Ya'll know it's hard to make a living these days, and when ebay + paypal combined take almost 14% of your sale, and uncle Sam has his hand in your pocket for income tax on it too... well jeez... the guy's just trying to make sales. I think he represented it fairly... for sure maybe he should have said it's the later reissue, but it's obvious to anyone looking for original 50s equipment. 

It's OK to be fair to a seller like this.


----------



## WES PINCHOT (Mar 30, 2017)

WEREN'T THE ORIGINAL PHANTOM SEATS MADE BY MESINGER?


----------



## partsguy (Mar 30, 2017)

GTs58 said:


> All I can say is WTF while shaking my head. It sure would be nice if we could get Richard Simmons to slap them in the face.




LMFAO!!!


----------



## Balloonatic (Mar 30, 2017)

It's the bidders here you should be shaking your head at (or having Richard Simmons slap)... not the seller. Same with that Phantom headlight cover with the giant hole in the top I posted about... there's no telling what motivates people to bid/spend what *we* determine to be stoopid money on bike parts... I'm still shaking my head over that $120. light cover with the giant, ugly, gaping hole in the very top. 

Fur sur there is sometimes shill bidding going on, but other times it's just moronic, uninformed bidders... but blaming the seller is unfair here I think, or saying he lied through his teeth? Really? What did he lie about?

Even with the light cover... the seller showed the gaping hole in the top. Should he have mentioned it in the description or put it in an earlier photo, than almost the last photo at the bottom? Sure... but it's still there for everyone to see, yet it sold for $119. Is that the seller's fault? Was he deceitful? Did he misrepresent it? I don't think so. 

Be in disbelief and shake your head at bidders/buyers that are stupid, but don't blame the sellers for putting it out there. Did you see the piece of toast that looked like it had the image of Jennifer Lopez' ass burned into it that sold on ebay for $10,000.? There are much more absurd buys on ebay than the bike parts we see sell for ridiculous money... I think it's just a bit of jealousy that those sellers hit a home run with their shiite, and we don't. 

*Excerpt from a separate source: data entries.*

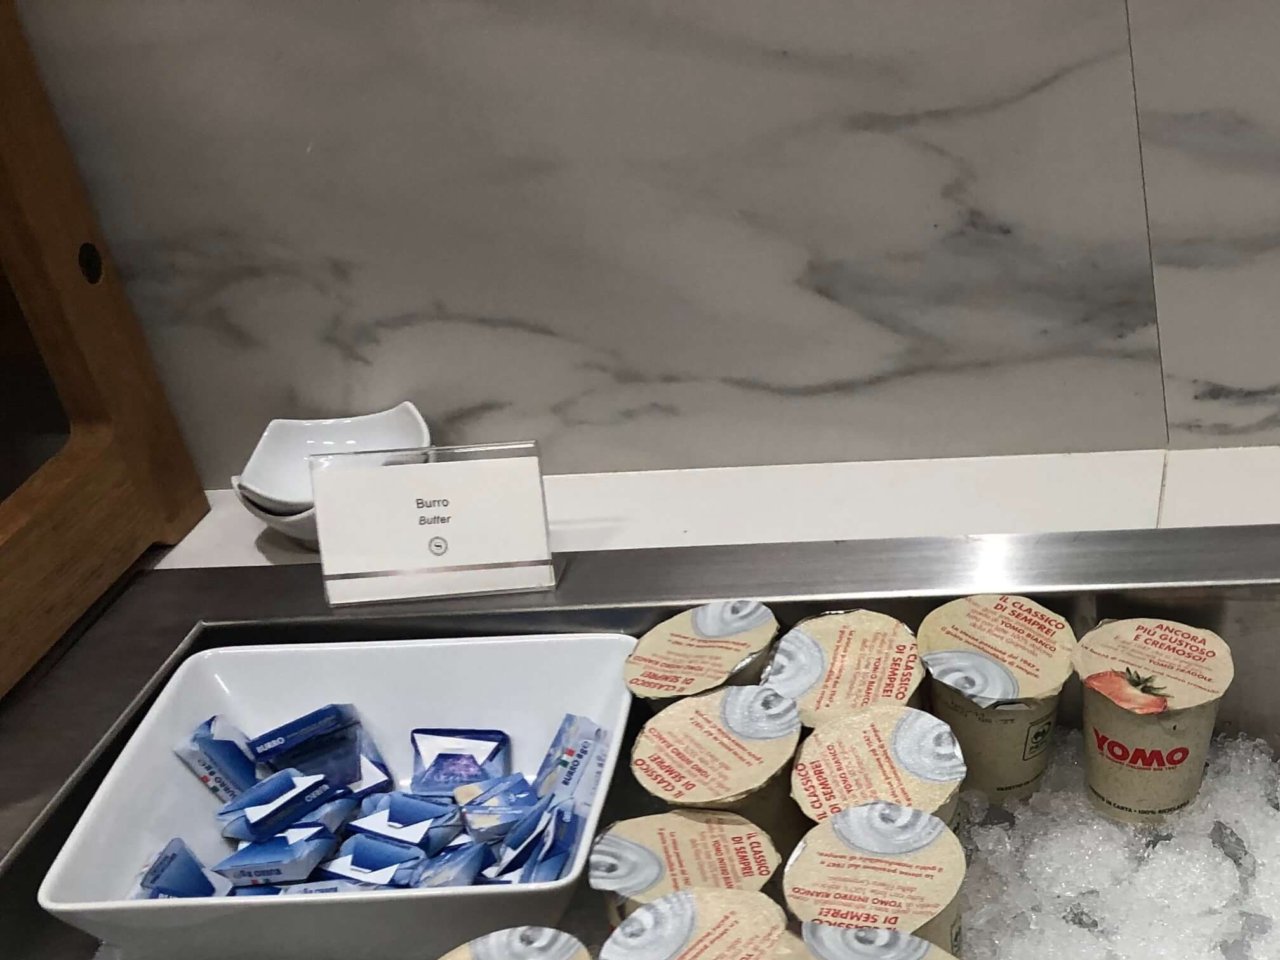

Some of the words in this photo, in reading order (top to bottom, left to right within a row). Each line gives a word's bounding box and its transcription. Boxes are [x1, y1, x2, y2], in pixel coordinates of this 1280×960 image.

[416, 498, 450, 509] Burro
[418, 514, 452, 526] Butter
[993, 603, 1006, 615] DI
[1008, 609, 1056, 637] SEMPRE!
[999, 595, 1009, 603] IL
[1012, 601, 1065, 630] CLASSICO
[1155, 623, 1207, 646] ANCORA
[1159, 632, 1217, 658] GUSTOSO
[895, 644, 906, 654] DI
[1133, 634, 1142, 642] E
[1143, 638, 1207, 663] CREMOSO!
[629, 678, 677, 692] CLASSICO
[640, 672, 681, 684] SEMPRE!
[684, 677, 696, 685] DI
[881, 656, 902, 698] SEMPRE!
[895, 653, 918, 700] CLASSICO
[1093, 727, 1190, 767] YOMO
[562, 760, 580, 786] BURRO
[634, 758, 675, 792] CLASSICO
[649, 754, 685, 783] SEMPRE!
[682, 780, 696, 791] DI
[794, 762, 823, 811] CLASSICO
[810, 760, 837, 803] SEMPRE!
[673, 788, 685, 799] IL
[816, 812, 828, 821] IL
[830, 806, 843, 815] DI
[731, 836, 743, 846] DI
[745, 832, 757, 840] IL
[733, 846, 755, 878] SEMPRE!
[749, 840, 771, 877] CLASSICO
[818, 907, 879, 923] SEMPRE!
[883, 914, 899, 925] DI

As PT Barnum famously said, there's an ass for every seat... and these guys are somehow getting the asses.


----------



## island schwinn (Mar 30, 2017)

maybe the same seller?

https://scranton.craigslist.org/bik/6004073951.html

also living in a bubble.


----------



## Balloonatic (Mar 30, 2017)

Ooooh! And a desirable girls model as well... Nice! It's under-priced though for the guy or gal that's on the hunt for a girl's Varsity in gack green... seller's taking a chance that person is out there... livin' the dream.


----------